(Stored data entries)
►

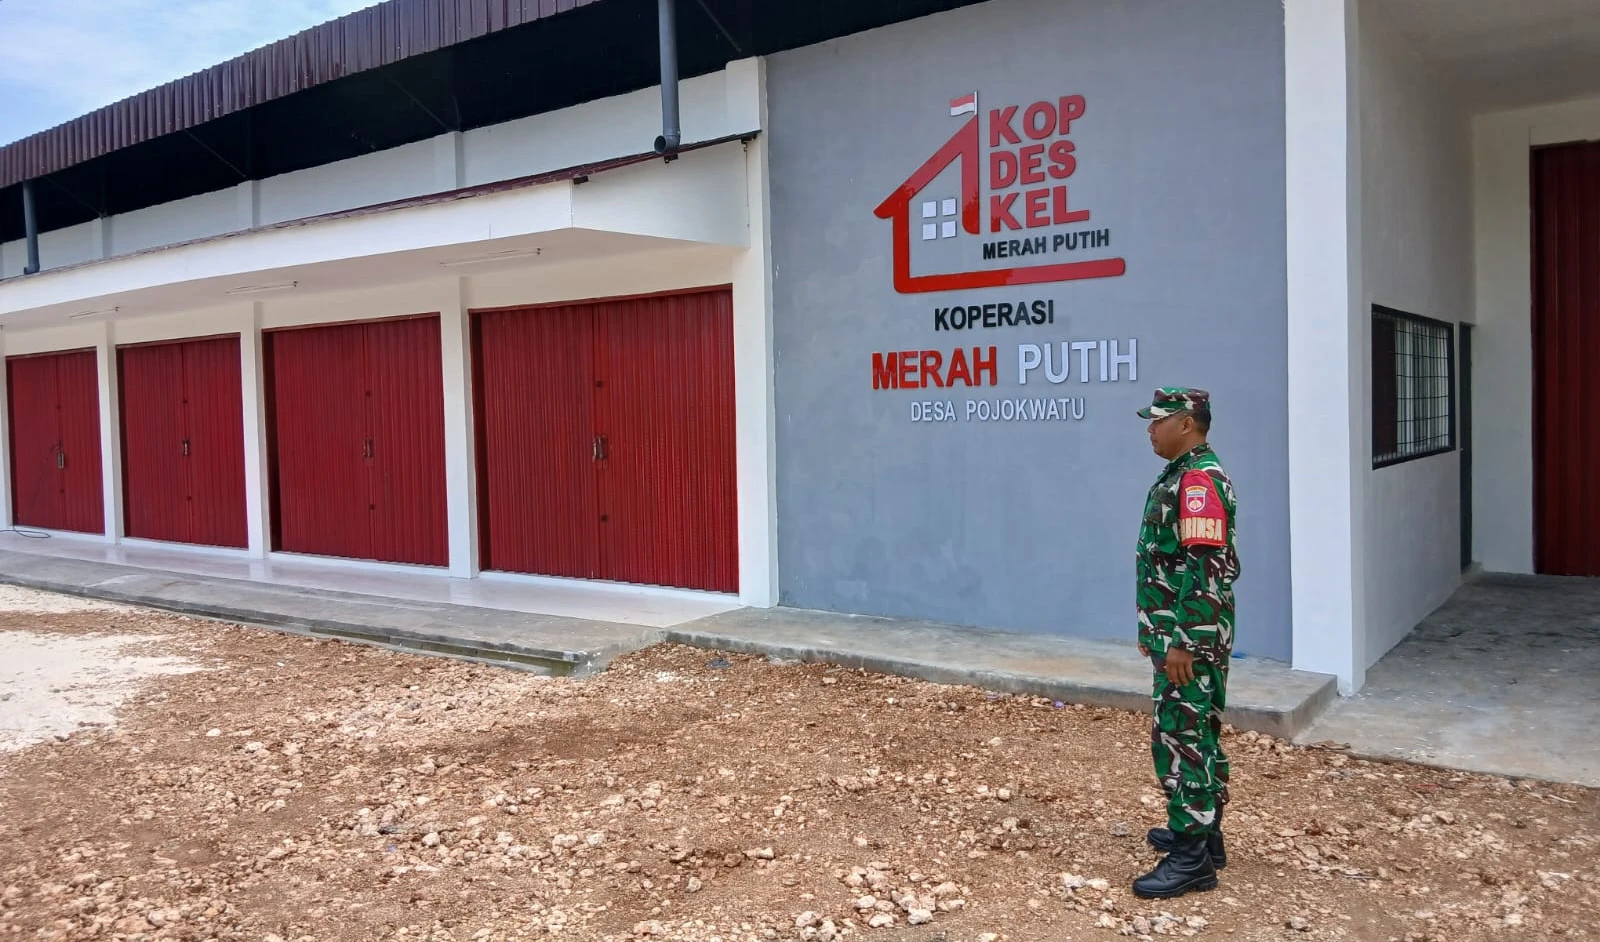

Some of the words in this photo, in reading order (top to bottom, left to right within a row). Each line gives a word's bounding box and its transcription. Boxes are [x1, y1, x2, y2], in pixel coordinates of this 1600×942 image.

[989, 94, 1086, 147] KOP
[990, 140, 1076, 189] DES
[990, 185, 1090, 233] KEL
[983, 236, 1047, 260] MERAH
[1053, 229, 1109, 253] PUTIH
[934, 300, 1054, 330] KOPERASI
[872, 346, 997, 390] MERAH
[1018, 338, 1138, 384] PUTIH
[911, 400, 956, 422] DESA
[967, 398, 1085, 421] POJOKWATU
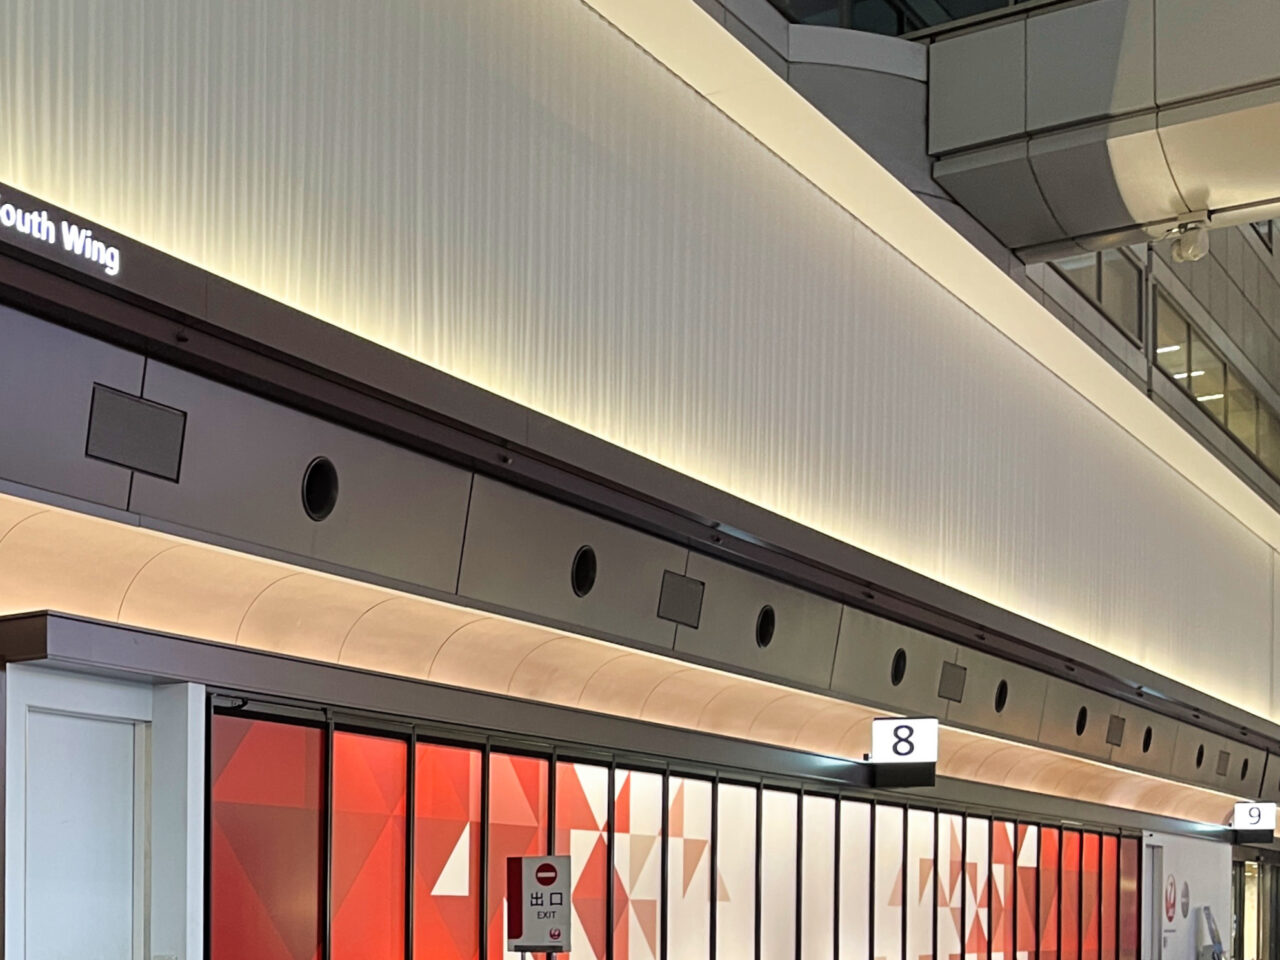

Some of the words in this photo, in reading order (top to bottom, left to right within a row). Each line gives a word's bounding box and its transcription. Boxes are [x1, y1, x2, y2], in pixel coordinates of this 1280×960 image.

[61, 220, 120, 276] Wing
[891, 725, 916, 757] 8
[1246, 806, 1262, 826] 9
[530, 891, 563, 907] 出口
[536, 910, 557, 920] EXIT

◄

WORK TASK:
Copy, exactly as written, the lines above, beginning with the one that contains "this 1280×960 image." and ending with the last.

OUTPUT OF THE TASK:
Some of the words in this photo, in reading order (top to bottom, left to right within a row). Each line gives a word's bounding box and its transcription. Boxes are [x1, y1, x2, y2], in pixel coordinates of this 1280×960 image.

[61, 220, 120, 276] Wing
[891, 725, 916, 757] 8
[1246, 806, 1262, 826] 9
[530, 891, 563, 907] 出口
[536, 910, 557, 920] EXIT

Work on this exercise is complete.